Communal Living and Its Discontents

IF I WERE a century older, I might have grown up in the Oneida Community, a complicated nineteenth-century social experiment that sought to be a “city on the hill” both for its upstate New York environs and for the entire world. Founded in 1848 by John Humphrey Noyes, a rogue religious leader who had been expelled by Yale Divinity School for heresy, Oneida was built on the principle that perfection on earth was within reach, and that it would be achieved by restructuring society as a single intimate interdependent family, rather than as an assortment of individuals, couples, and nuclear families with competing rights and interests. Oneidans famously believed that traditional marriage and family life had been superseded by “complex marriage,” in which everyone was married to everyone else, property was shared, children were raised collectively, and sex between community members was a spiritual practice that reinforced communal love and channeled spiritual energy.
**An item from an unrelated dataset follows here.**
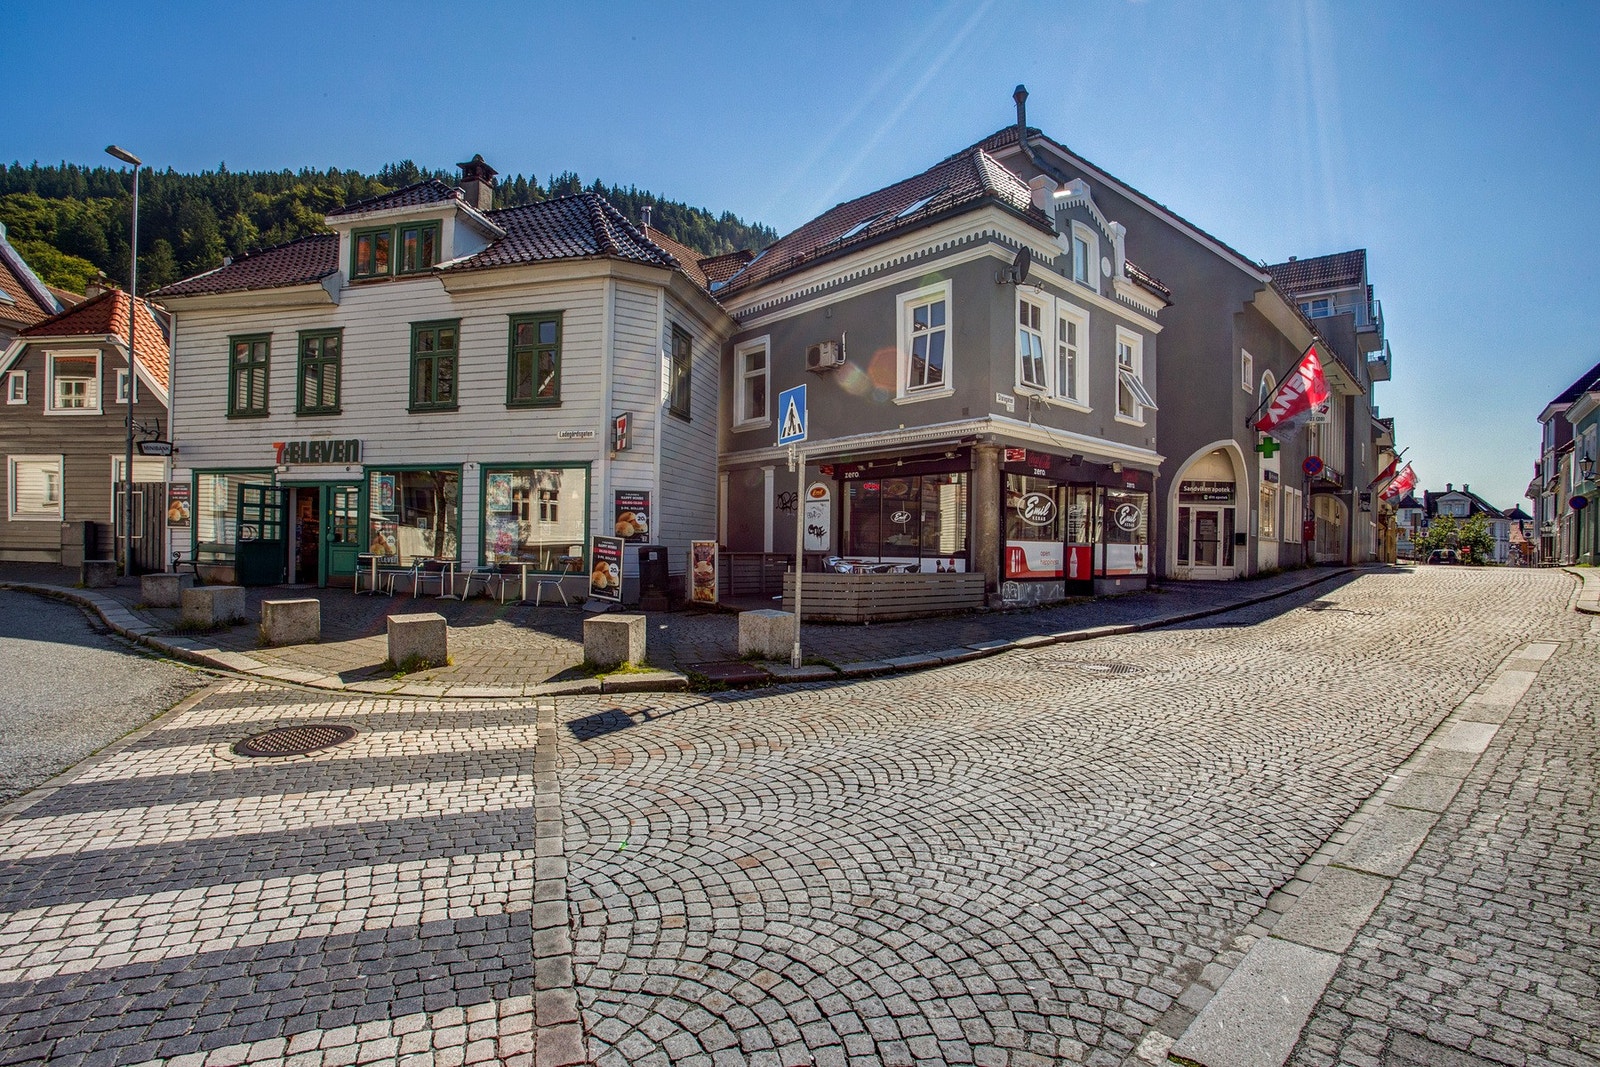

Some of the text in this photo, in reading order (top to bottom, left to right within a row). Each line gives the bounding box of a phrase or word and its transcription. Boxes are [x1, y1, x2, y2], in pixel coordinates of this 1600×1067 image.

Under Noyes's direction, Oneidans practiced birth control and eugenics, using a nearly-complete ban on male orgasm to limit the number of children, and attempting to breed a new type of men and women called “stirpicults” who would hopefully one day achieve bodily immortality. Noyes, who initiated girls into the sexual life of the community through acts that would now be punishable as statutory rape, was an advocate of biological incest between spiritually superior people, which he believed would intensify desirable spiritual and physical traits.